Bug: when a row in stage_3_queue gets re-enqueued (same source ingested
again after Stage 2 re-runs), the ON CONFLICT (source) DO UPDATE clause
updated content fields and reset enqueued_at, completed_at, failed_at,
attempts — but did not reset started_at, failure_reason, or
external_job_id.
Stale started_at from a prior attempt makes the row invisible to the
Stage 3 worker's claim filter (which uses started_at IS NULL). The row
sits queued forever; Stage 3 never picks it up; the source effectively
fails silently after a re-trigger.
Discovered tonight while testing the bulk pathway after the substrate
fix: a journal entry that had been ingested earlier (and manually marked
completed during recovery from a worker timeout) showed enqueued_at
from the new touch but started_at from the original 01:40 attempt. Fix
extends the upsert clause to NULL all run-state fields so re-enqueue
behaves as 'fresh attempt.'
After fix, re-triggered journal entry routed cleanly through Stage 2 →
Stage 3 → bulk pathway → sidecar bulk job → 60ms commit (worst-case
dedup against already-known content).
Major rewrite of the Graphiti sidecar. Two architectural changes:
PATTERN 1 ASYNC JOB MODEL
Submission and completion are decoupled. POST /episodes and
POST /episodes/bulk return job_id immediately; the actual graphiti-core
work happens in a background asyncio task. Submitters poll
GET /jobs/{job_id} until terminal status (committed | failed).

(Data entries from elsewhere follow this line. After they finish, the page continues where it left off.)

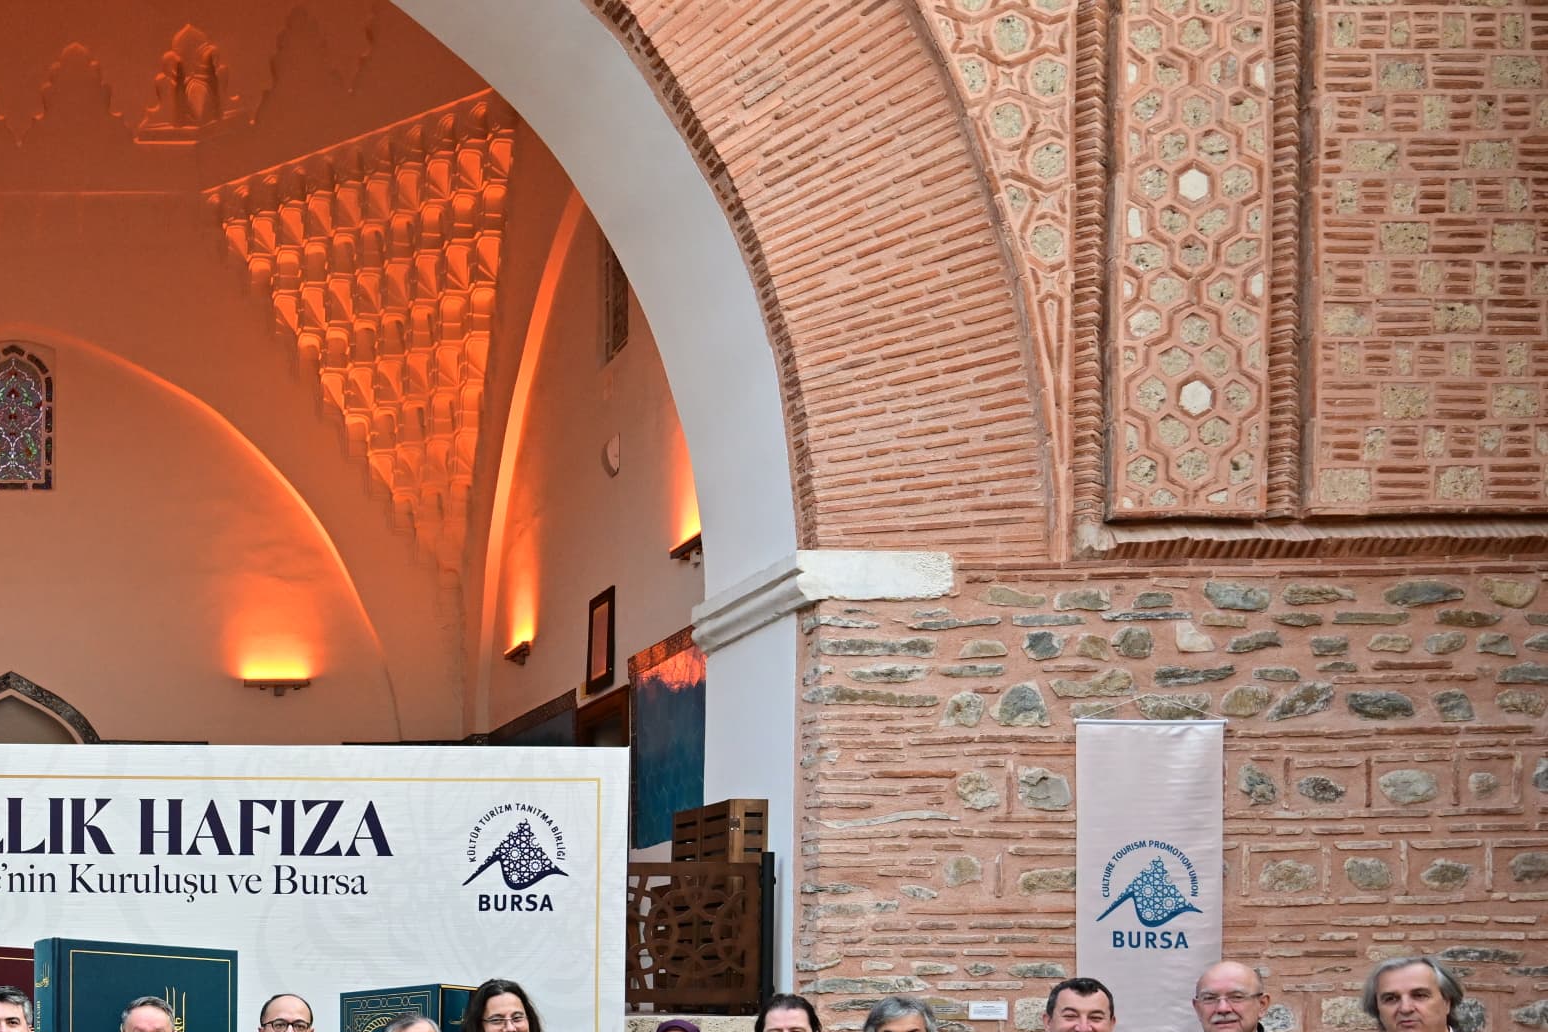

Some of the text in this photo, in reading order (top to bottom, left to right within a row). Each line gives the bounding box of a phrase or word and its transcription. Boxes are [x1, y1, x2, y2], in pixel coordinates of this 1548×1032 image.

[138, 798, 395, 857] HAFIZA
[467, 826, 482, 863] KÜLTÜR
[515, 803, 553, 826] TANITMA
[68, 863, 218, 903] Kuruluşu
[226, 874, 263, 895] ve
[272, 864, 368, 895] Bursa
[1102, 840, 1199, 898] CULTURE TOURISM PROMOTION UNION
[478, 893, 554, 912] BURSA
[1112, 930, 1189, 950] BURSA

Why: tonight's smoke test confirmed that bulk ingest against the
4,222-entity graph was committing successfully even when the worker's
HTTP read-timeout fired. The synchronous interface was producing
false-negative failures — work succeeded but the worker stopped
listening at the 10-minute read-timeout. Three days of 'saga deadlock'
failures reframe as scaling pathology of unindexed similarity search,
not substrate deadlocks. Pattern 1 separates submission from completion
observation so the worker can't false-negative this way.
Architectural commitments:
- One in-flight job per sidecar (per graph). Concurrent jobs against
the same graph would race on graphiti-core's bulk-resolve path (no
transaction boundary). Concurrent multi-tenancy is 'run multiple
sidecars,' not 'make one sidecar concurrency-safe across graphs.'
- Postgres-backed job state. Survives sidecar restart. On startup the
sidecar resets any 'running' rows to 'queued' (their previous run
died); the background worker picks them up naturally.

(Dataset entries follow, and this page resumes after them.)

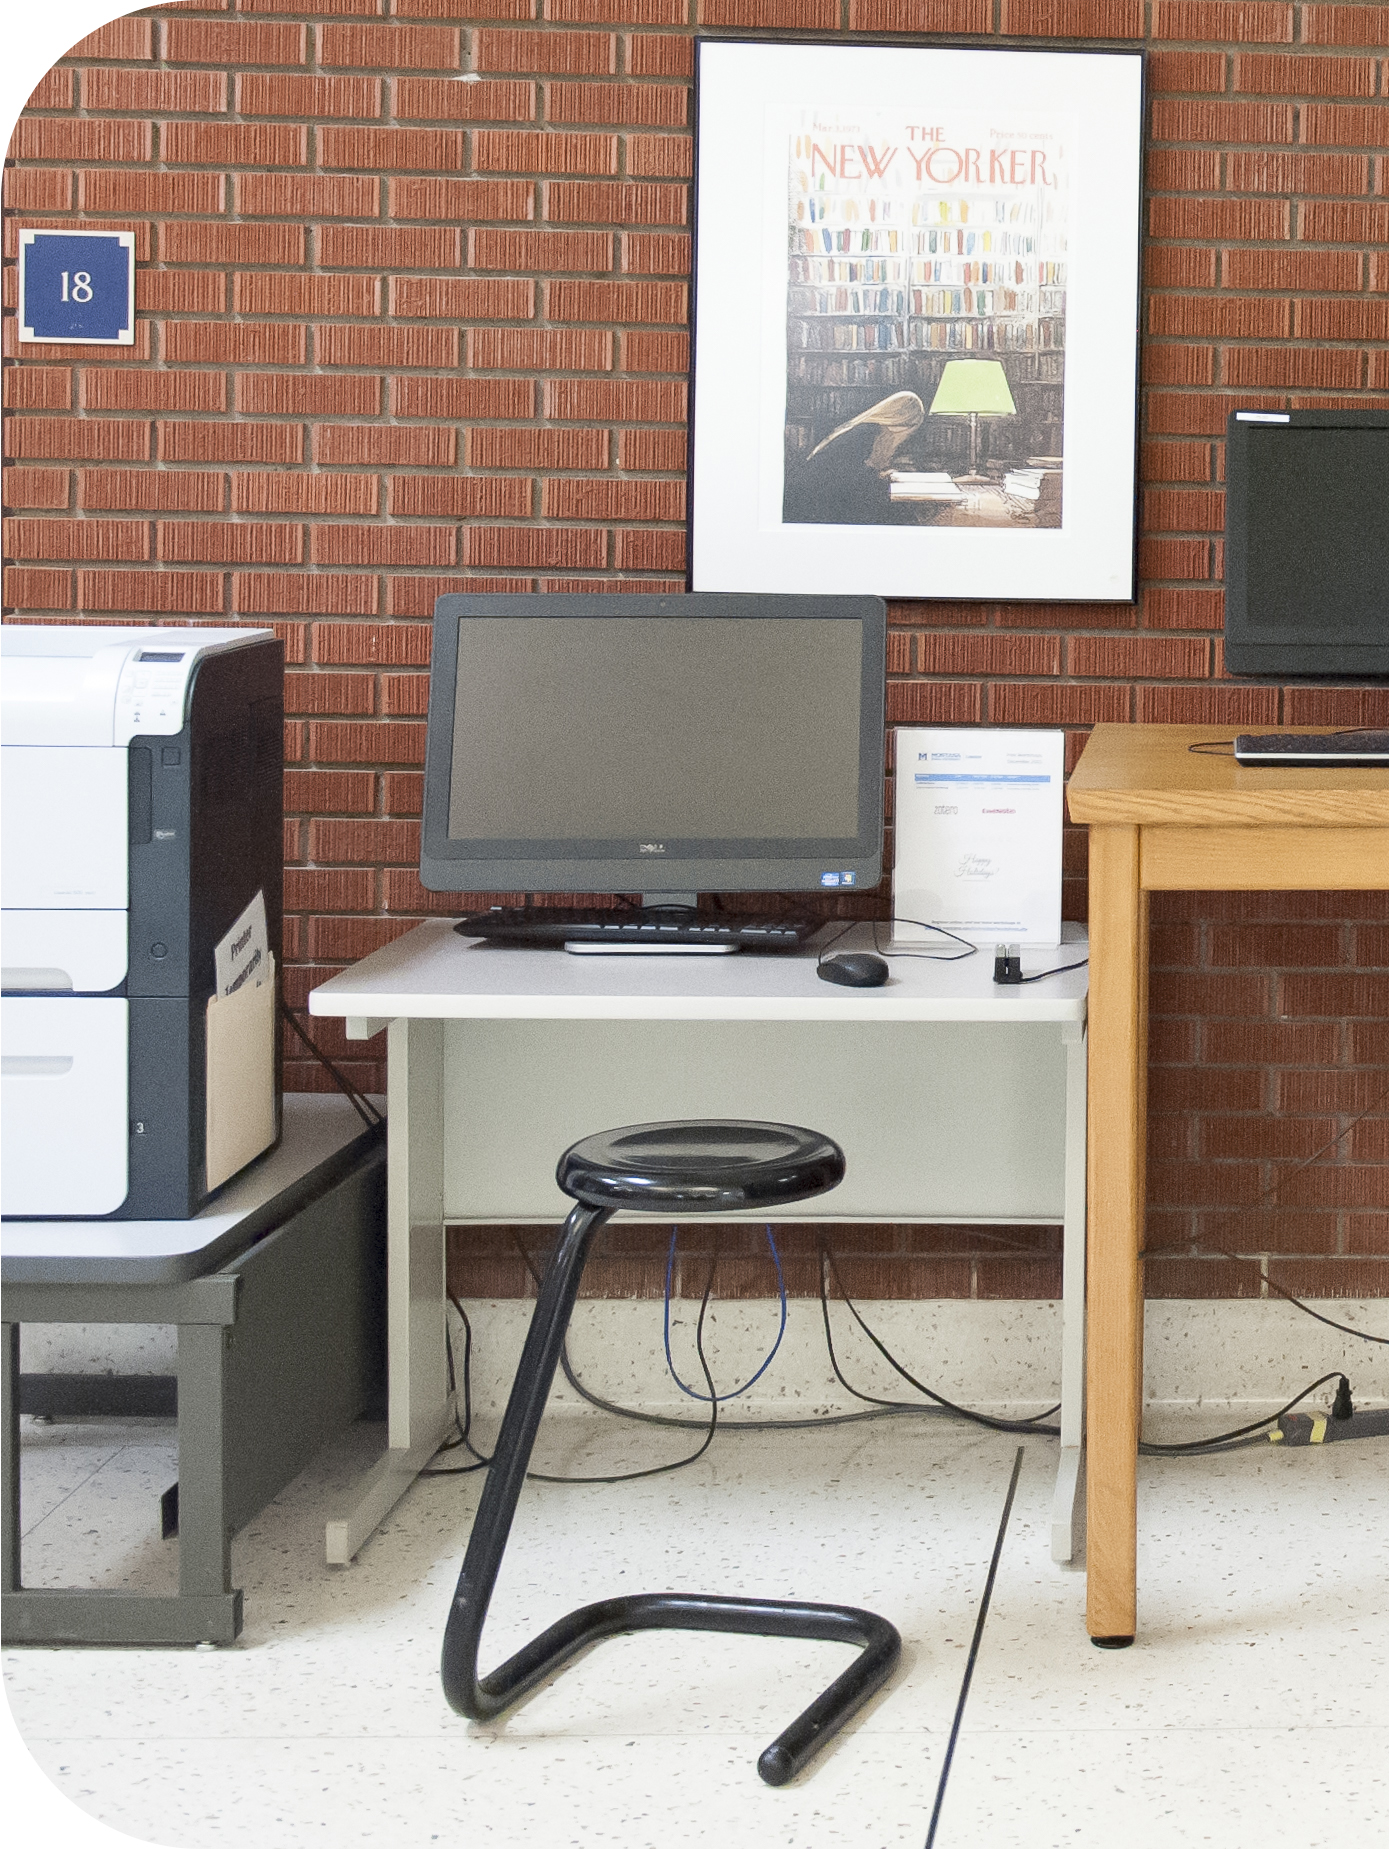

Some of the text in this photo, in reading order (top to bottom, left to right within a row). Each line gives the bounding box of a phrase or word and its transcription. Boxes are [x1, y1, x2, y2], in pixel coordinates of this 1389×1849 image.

[905, 125, 946, 143] THE
[989, 127, 1015, 139] Price
[1029, 132, 1054, 140] cents
[811, 143, 1052, 186] NEW YORKER
[61, 271, 94, 303] 18
[230, 924, 253, 961] Printer
[136, 1121, 145, 1134] 3

- Both endpoints async-shaped for parity. Bulk pathway preserved —
load-bearing for first-run corpus migration. Single-episode
preserved — load-bearing for state-superseding content per the
Stage 2/3 routing rule. graphiti-core's add_episode and
add_episode_bulk are unchanged underneath; the async wrapper sits
between the HTTP layer and the library call.
- Polling cadence: 2s flat at the worker, FOR UPDATE SKIP LOCKED so
the design is safe for future multi-sidecar deployment without
changes.
Postgres helpers (_pg, _job_insert, _job_get, _job_claim_next,
_job_complete, _job_fail, _startup_recovery) replace the synchronous
graphiti.add_episode call with persistent job state. Background worker
loop catches everything, logs everything, never dies from an unexpected
error.
SEARCH_INTERFACE BRIDGE
graphiti-core 0.29.0 builds FalkorSearchOperations as
driver._search_ops in FalkorDriver.__init__ but never assigns it to
driver.search_interface. search_utils.py:edge_similarity_search and
node_similarity_search check 'if driver.search_interface:' and
delegate when present, falling through to interpreted-Cypher cosine
math when not. The naming mismatch between the two halves of
graphiti-core means the per-driver implementation never gets used.

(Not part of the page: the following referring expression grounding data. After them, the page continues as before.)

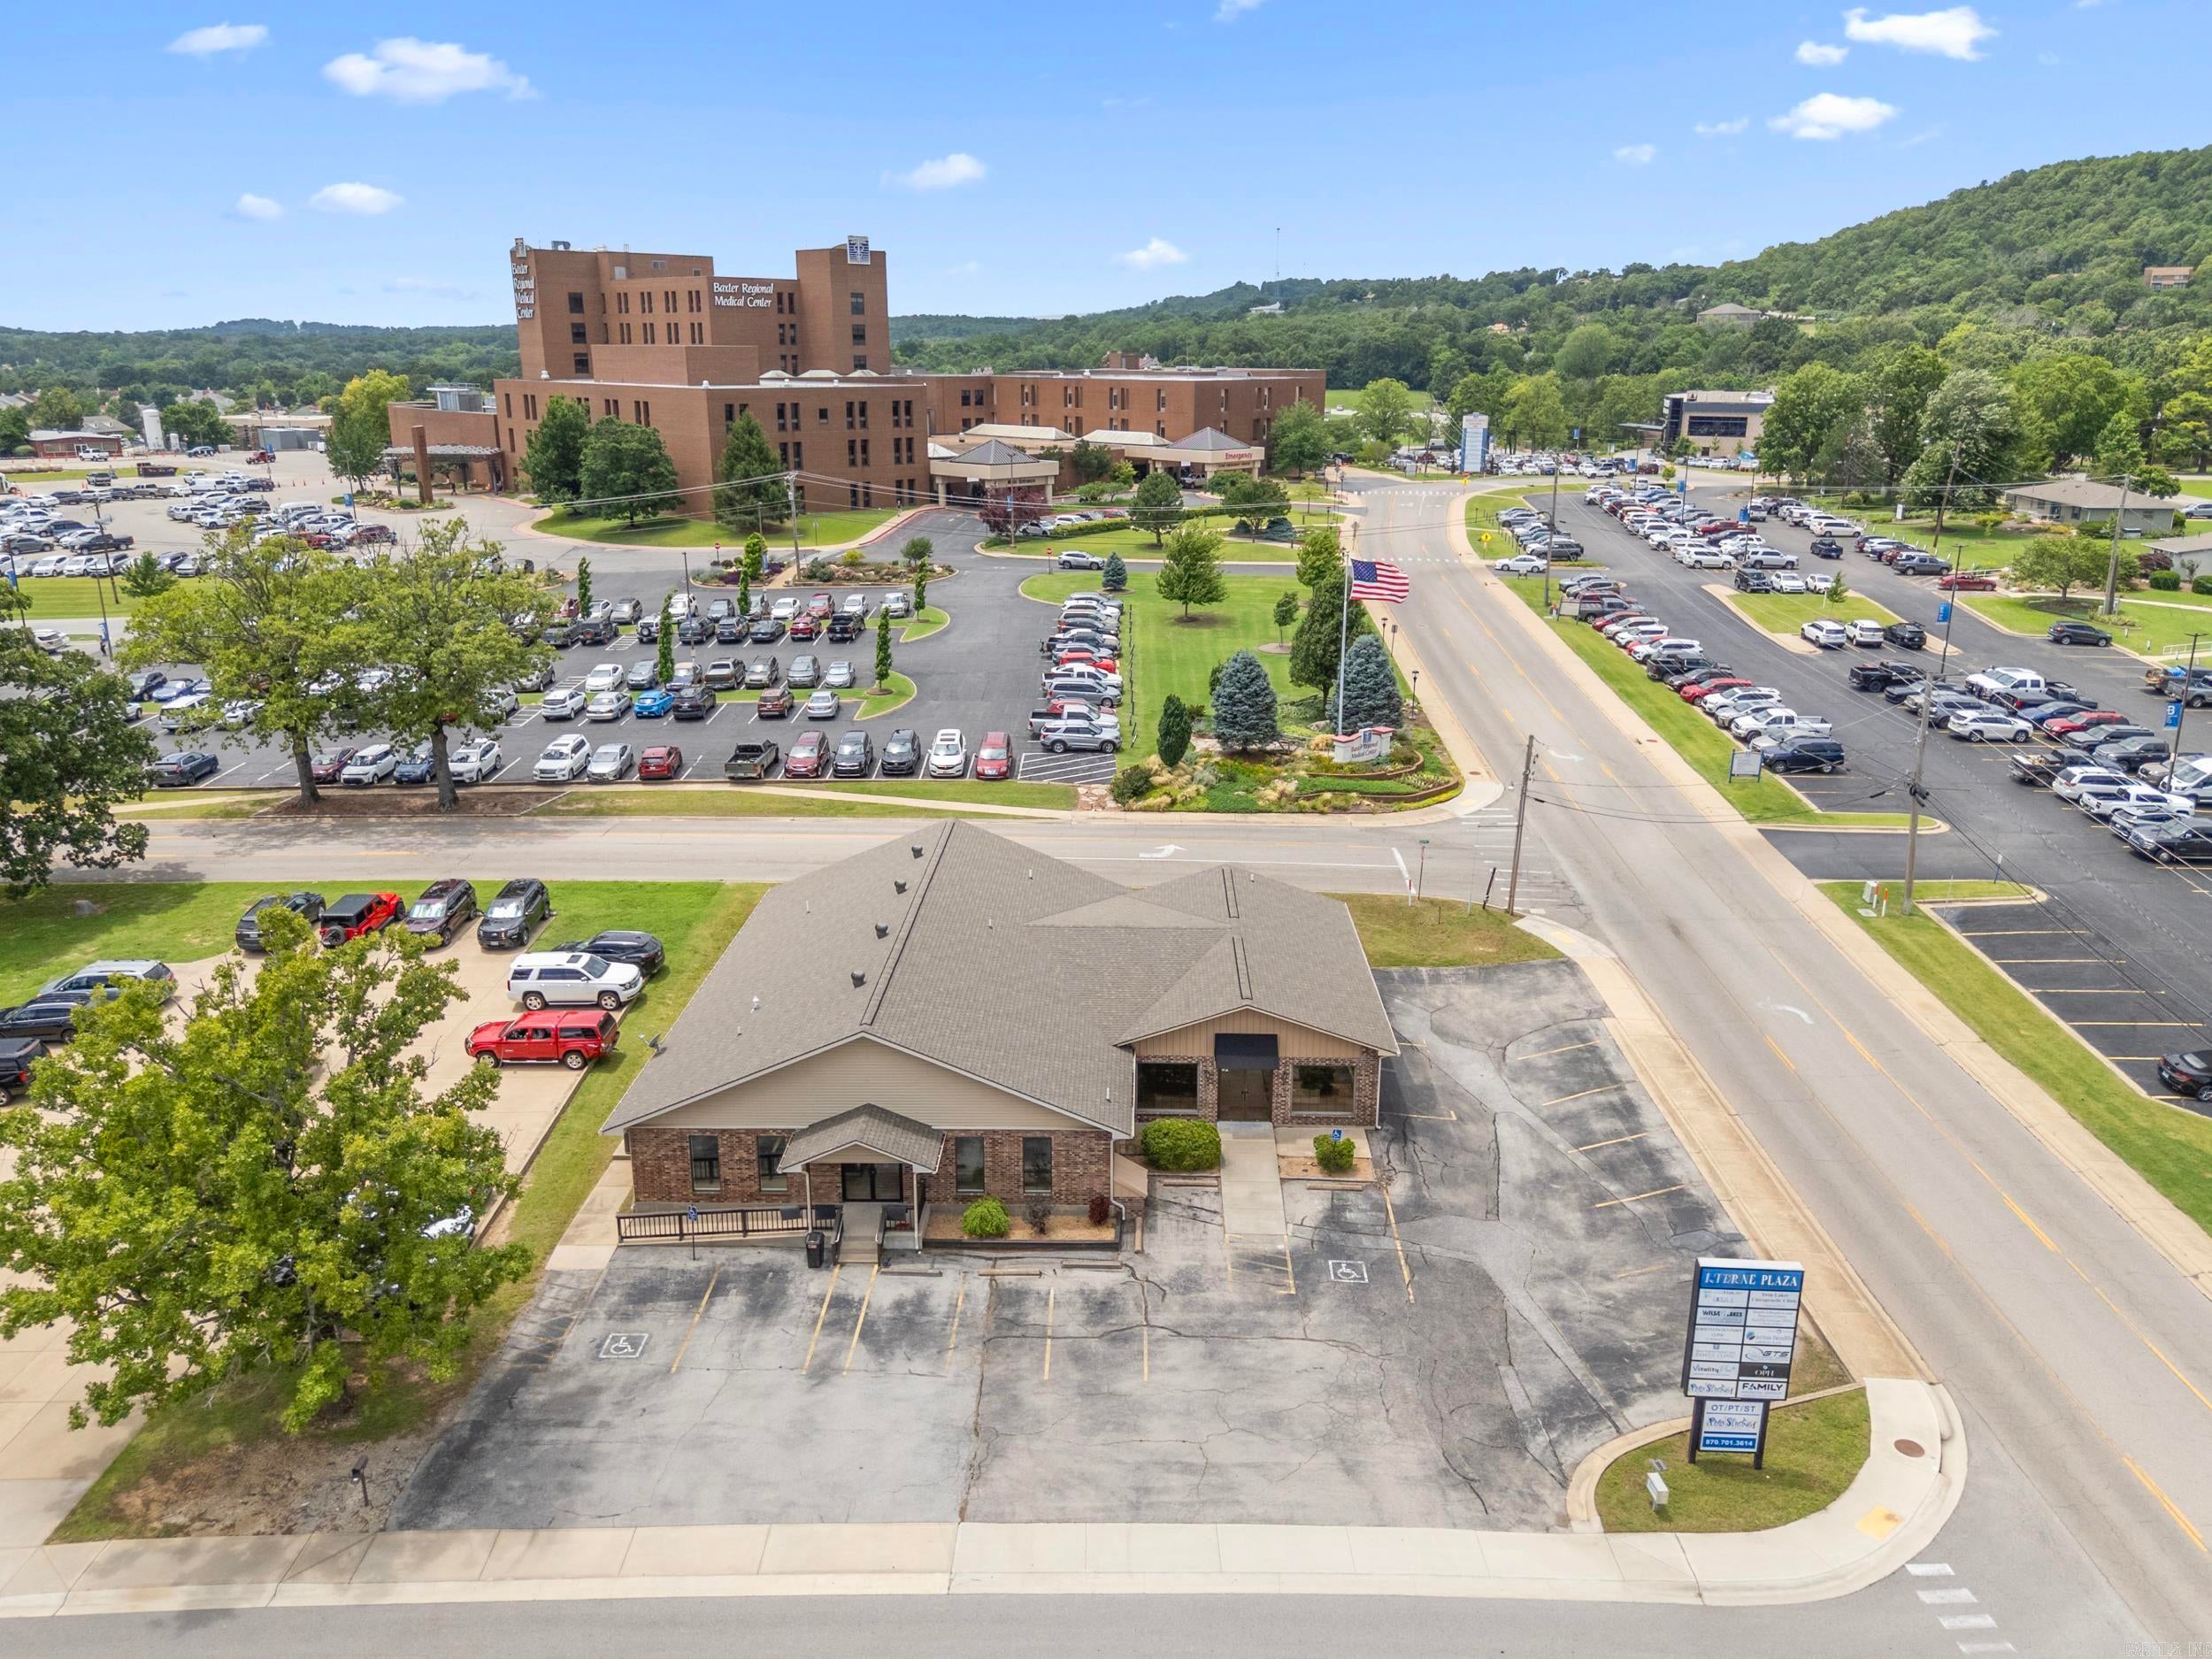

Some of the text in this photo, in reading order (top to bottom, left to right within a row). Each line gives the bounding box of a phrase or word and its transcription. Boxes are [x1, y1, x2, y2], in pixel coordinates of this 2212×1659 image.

[512, 263, 528, 274] Baxter
[513, 276, 534, 291] Regional
[713, 282, 774, 296] Baxter Regional
[515, 290, 534, 303] Medical
[714, 296, 772, 308] Medical Center
[517, 306, 534, 319] Center
[2167, 705, 2176, 716] B
[1761, 1275, 1798, 1286] PLAZA
[1693, 1363, 1719, 1373] Vitality

Bridge after Graphiti instance construction:
driver.search_interface = driver._search_ops
This activates the per-driver path which (with our vendored patches)
uses db.idx.vector.queryNodes for FalkorDB's native vector index.
Empirical result: single-episode add_episode against a 4,277-entity
graph went from indefinite hang to 8.2 seconds.
The bridge is also a candidate for an upstream PR — pick one name and
stick to it across the codebase. Tonight it's local.
Adds EXTRACTION_INSTRUCTIONS_V1 constant passed to the sidecar via
custom_extraction_instructions on both bulk and single-episode pathways.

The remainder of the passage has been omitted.